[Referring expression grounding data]
_____
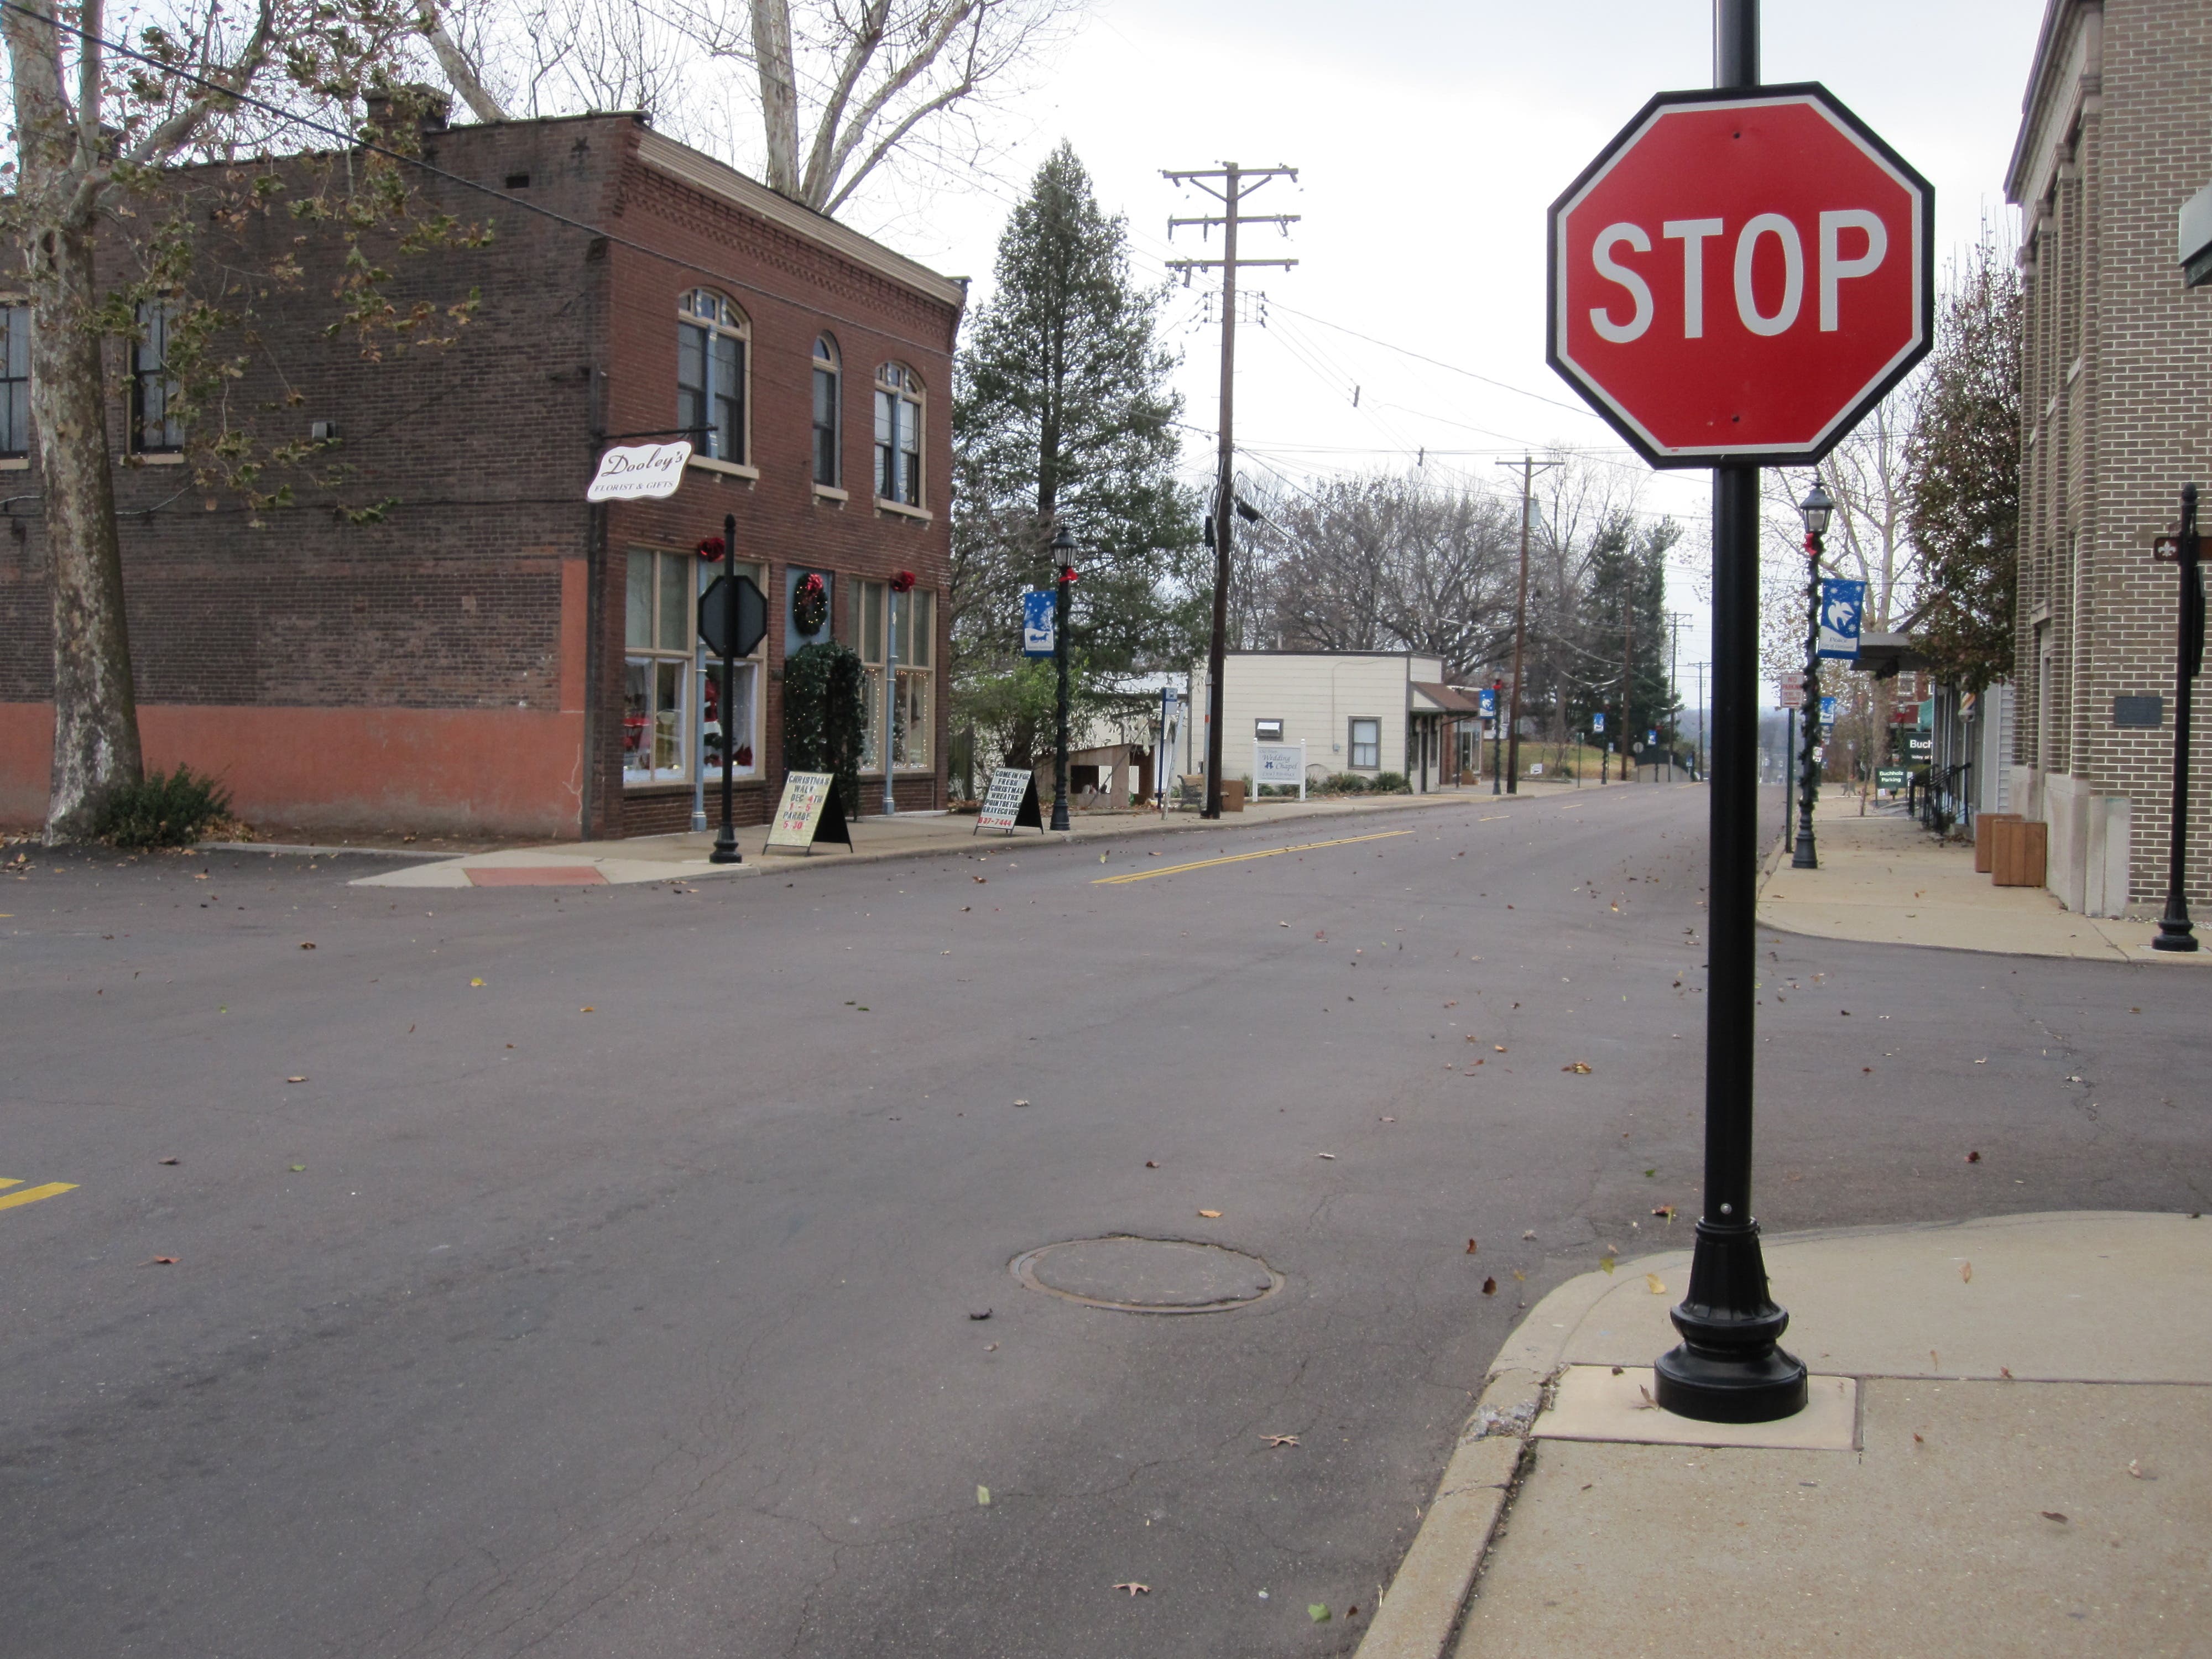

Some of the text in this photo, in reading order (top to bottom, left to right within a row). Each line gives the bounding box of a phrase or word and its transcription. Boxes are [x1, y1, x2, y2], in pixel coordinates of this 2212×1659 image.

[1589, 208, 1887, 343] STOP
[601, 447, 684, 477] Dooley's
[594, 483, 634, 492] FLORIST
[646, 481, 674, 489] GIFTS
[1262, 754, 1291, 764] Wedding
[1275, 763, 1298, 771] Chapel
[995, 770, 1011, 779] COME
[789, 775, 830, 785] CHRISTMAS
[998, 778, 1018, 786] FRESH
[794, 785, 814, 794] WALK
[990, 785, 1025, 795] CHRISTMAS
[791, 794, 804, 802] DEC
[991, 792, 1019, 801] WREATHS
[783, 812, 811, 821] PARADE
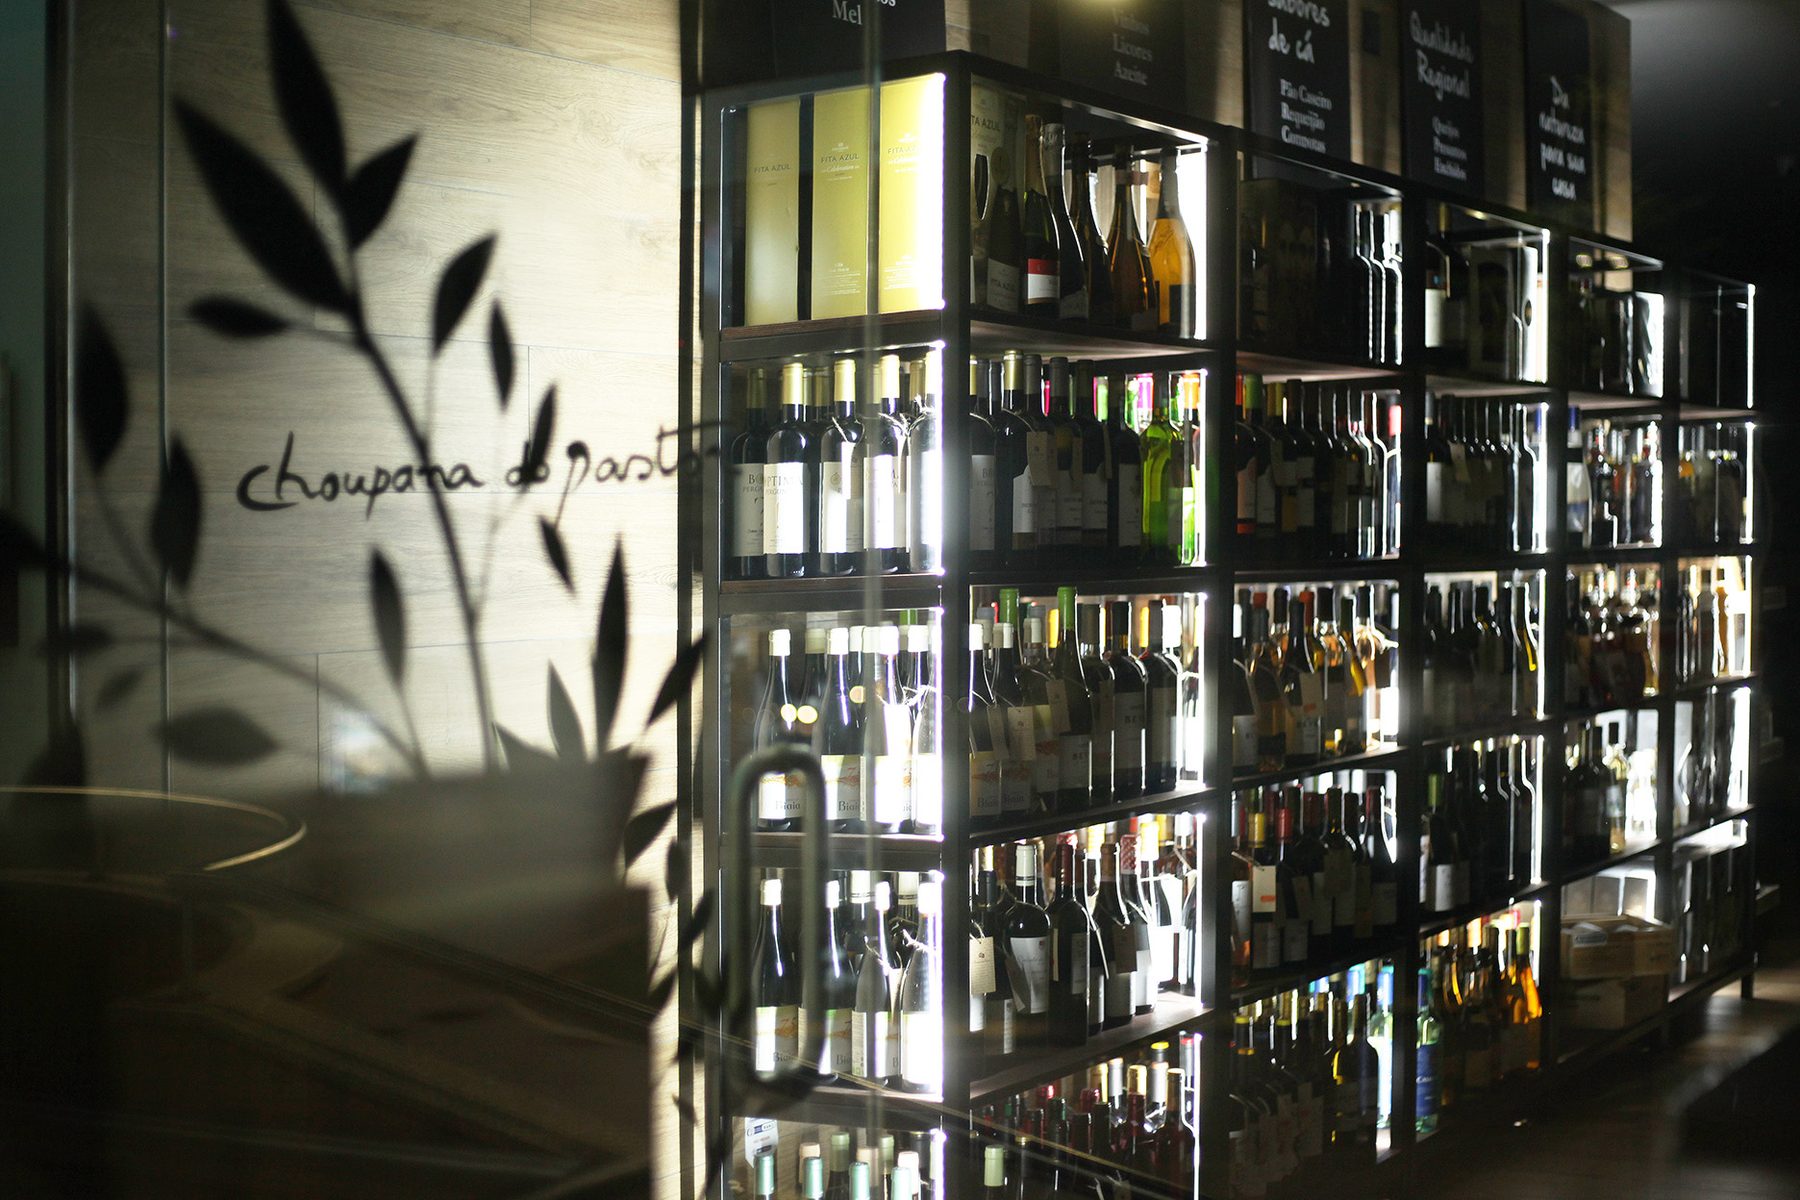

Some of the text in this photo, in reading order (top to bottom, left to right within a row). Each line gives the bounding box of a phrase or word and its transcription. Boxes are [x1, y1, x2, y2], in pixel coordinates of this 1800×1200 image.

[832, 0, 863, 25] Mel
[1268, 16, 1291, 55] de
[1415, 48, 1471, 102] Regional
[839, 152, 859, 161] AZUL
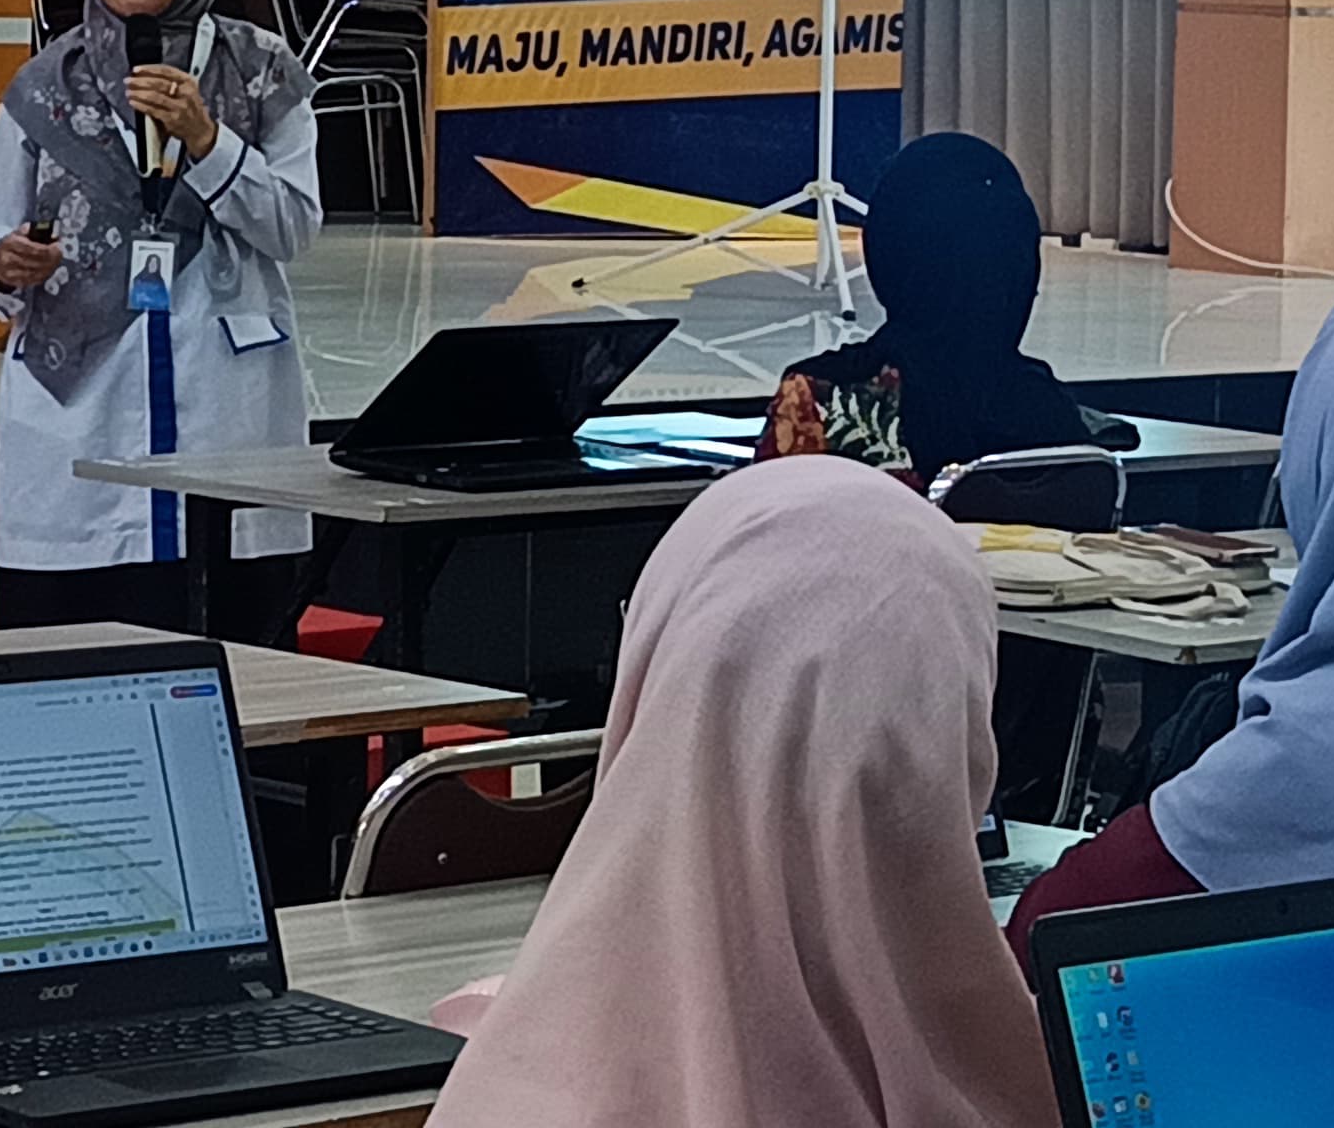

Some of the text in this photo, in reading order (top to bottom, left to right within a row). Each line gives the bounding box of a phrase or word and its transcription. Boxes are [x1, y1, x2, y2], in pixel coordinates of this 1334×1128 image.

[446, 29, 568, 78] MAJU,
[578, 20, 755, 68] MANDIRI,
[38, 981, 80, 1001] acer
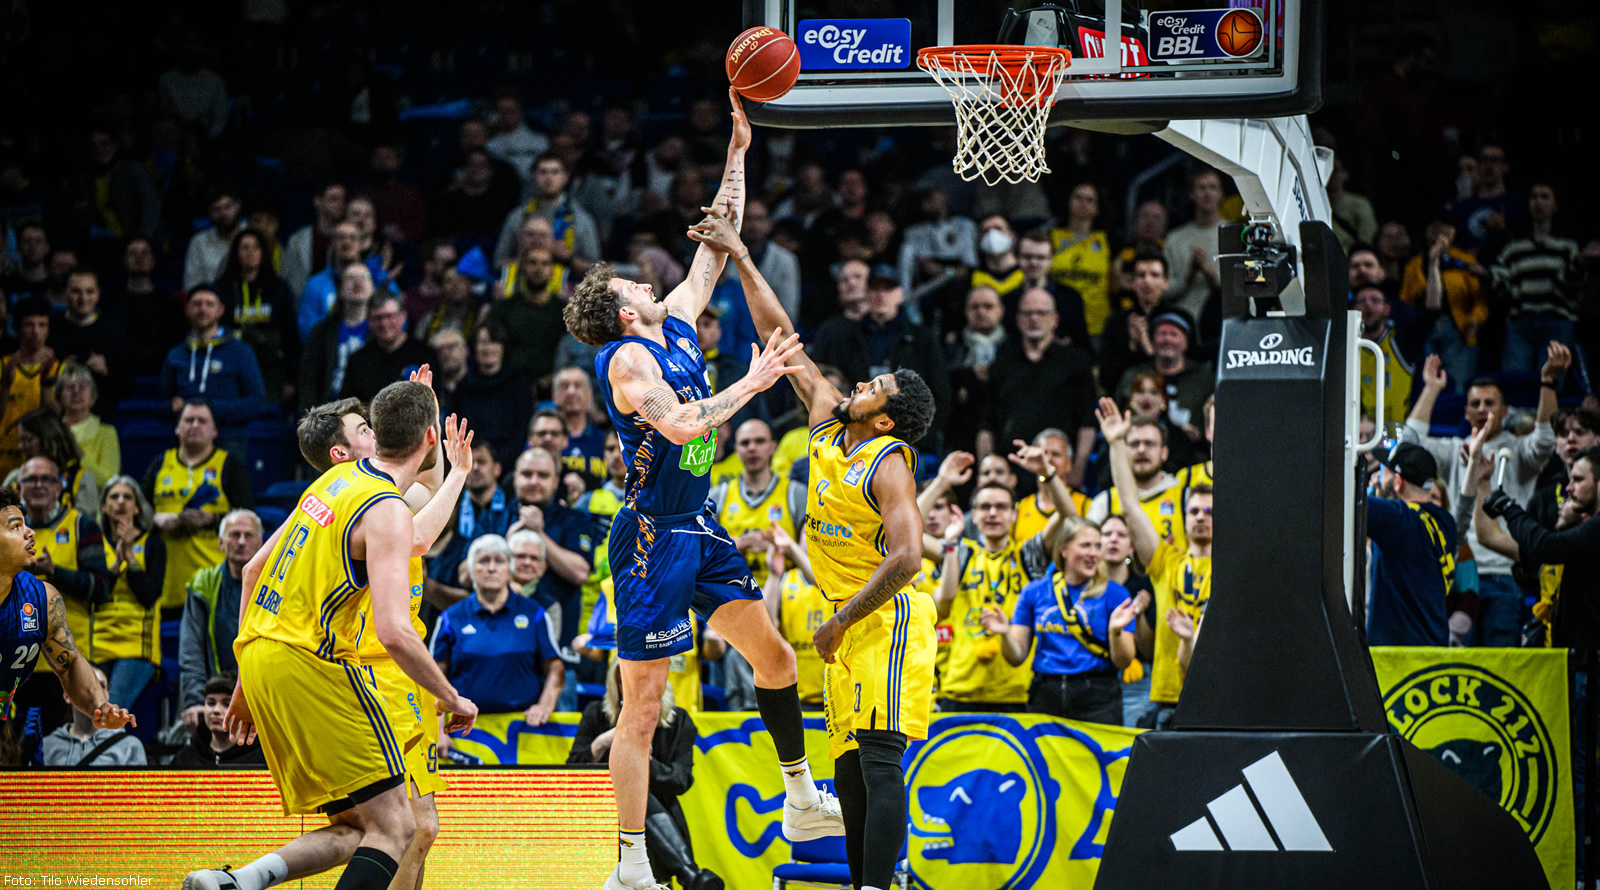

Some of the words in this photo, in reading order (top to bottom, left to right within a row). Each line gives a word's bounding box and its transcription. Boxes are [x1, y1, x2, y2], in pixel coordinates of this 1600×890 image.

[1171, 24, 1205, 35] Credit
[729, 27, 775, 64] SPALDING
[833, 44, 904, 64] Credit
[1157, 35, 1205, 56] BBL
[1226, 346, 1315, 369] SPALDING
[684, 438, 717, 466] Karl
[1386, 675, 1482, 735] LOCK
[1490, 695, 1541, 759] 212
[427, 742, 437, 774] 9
_____
» **What to do**: Please provide an exact transcription of each line from the one holding "Some of the words" through the final line of the data above.

» **Output of the task**:
Some of the words in this photo, in reading order (top to bottom, left to right within a row). Each line gives a word's bounding box and its transcription. Boxes are [x1, y1, x2, y2], in pixel coordinates of this 1600×890 image.

[1171, 24, 1205, 35] Credit
[729, 27, 775, 64] SPALDING
[833, 44, 904, 64] Credit
[1157, 35, 1205, 56] BBL
[1226, 346, 1315, 369] SPALDING
[684, 438, 717, 466] Karl
[1386, 675, 1482, 735] LOCK
[1490, 695, 1541, 759] 212
[427, 742, 437, 774] 9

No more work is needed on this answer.